Adaption.
Diese Kritik erschien auch bei www.ofdb.de
Technische Daten
Vertrieb: Columbia TriStar Home Entertainment
Regionalcode: 2
Laufzeit: 110:24 Min.
Regie: Spike Jonze
Darsteller: Nicolas Cage,
Meryl Streep,
Chris Cooper,
Rheagan Wallace,
Jane Adams,
Agnes Baddoo,
Jim Beaver,
Caron Colvett,
Lynn Court,
Brian Cox,
John Cusack,
John Etter,
Roger Fanter,
Gary Farmer,
Paul Fortune,
Sandra Lee Gimpel,
Judy Greer,
Maggie Gyllenhaal,
Curtis Hanson,
Gregory Itzin,
Paul Jasmin,
Peter Jason,
Catherine Keener,
Fred Lerner,
Litefoot,
Ron Livingston,
Laura Love,
Lisa Love,
Harris Mann,
Wendy Mogel,
Don Moss,
Lupe Ontiveros,
Toni Oswald,
David O. Russell,
Jeremy Sumpter,
Tilda Swinton,
Jay Tavare,
Stephen Tobolowsky,
Roger Willie,
Bob Yerkes
Bildformat: Widescreen 1,85:1 (Anamorph)
Sprachen: DD 5.1 Deutsch, Englisch
Untertitel: Deutsch, Englisch, Türkisch
Freigabe: FSK 12
Film
Hallo, mein Name ist Charlie Kaufman. Ich bin Drehbuchautor.
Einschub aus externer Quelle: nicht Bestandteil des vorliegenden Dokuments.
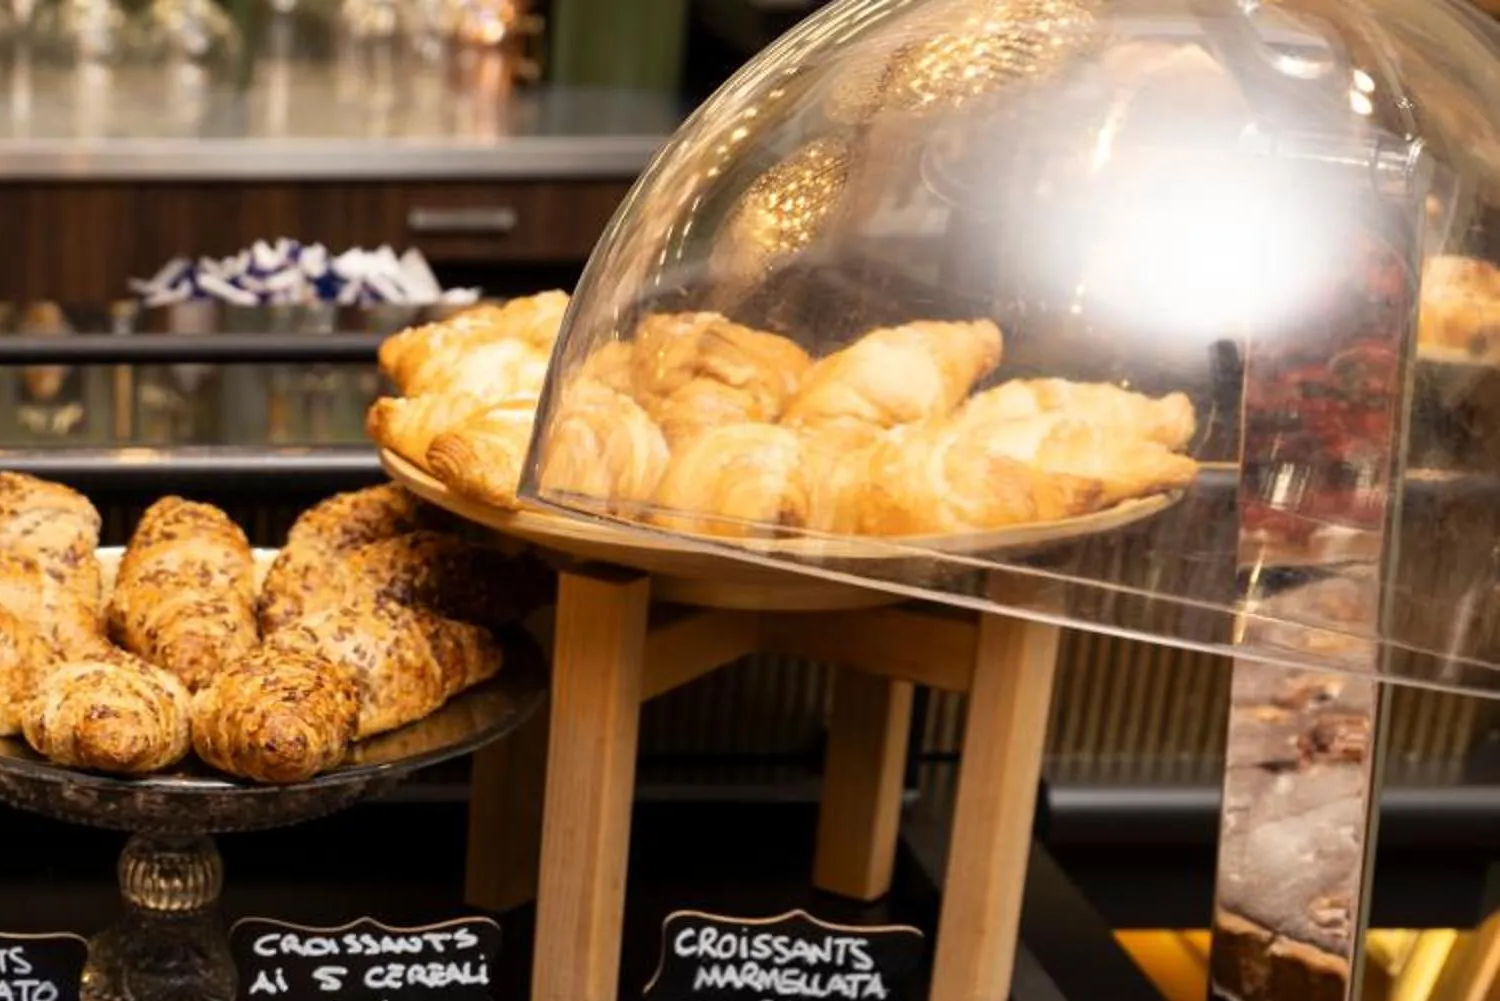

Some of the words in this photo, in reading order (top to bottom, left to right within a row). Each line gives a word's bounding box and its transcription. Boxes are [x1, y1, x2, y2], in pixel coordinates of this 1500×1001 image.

[253, 928, 479, 956] CROISSANTS
[674, 927, 874, 971] CROISSANTS
[693, 961, 888, 1000] MARMELLATA
Nun ja, genau genommen BIN ich nicht Charlie Kaufman. Meine Eltern sind vor 23 Jahren auf die Idee gekommen, mich „Sascha“ zu nennen. Im Internet passe ich mich den geltenden Konventionen an und lege mir einen Nickname zu, um ein gewisses Maß an Anonymität zu gewähren. Für mein direktes Umfeld heiße ich also „Sascha“, für die Nutzer dieses Forums heiße ich „Vince“. Das ändert aber nichts an einer entscheidenden Tatsache: Ich bin WIE Charlie Kaufman. Ein Mensch. Ich bin auch WIE Donald Kaufman. Auch ein Mensch. Wir alle teilen dieselbe Herkunft. Na ja, ich werde wohl aus einer anderen Stadt kommen als der Leser dieses Reviews, oder doch zumindest in einem anderen Haus wohnen, eine andere Lieblingsfarbe haben und so weiter. Was ich aber sagen will: Wir alle sind vom gleichen Ursprung. Der Urknall ist es, der uns alle miteinander verbindet, und was aus uns geworden ist, was uns von anderen Spezies und voneinander unterscheidet, nennt man Adaption.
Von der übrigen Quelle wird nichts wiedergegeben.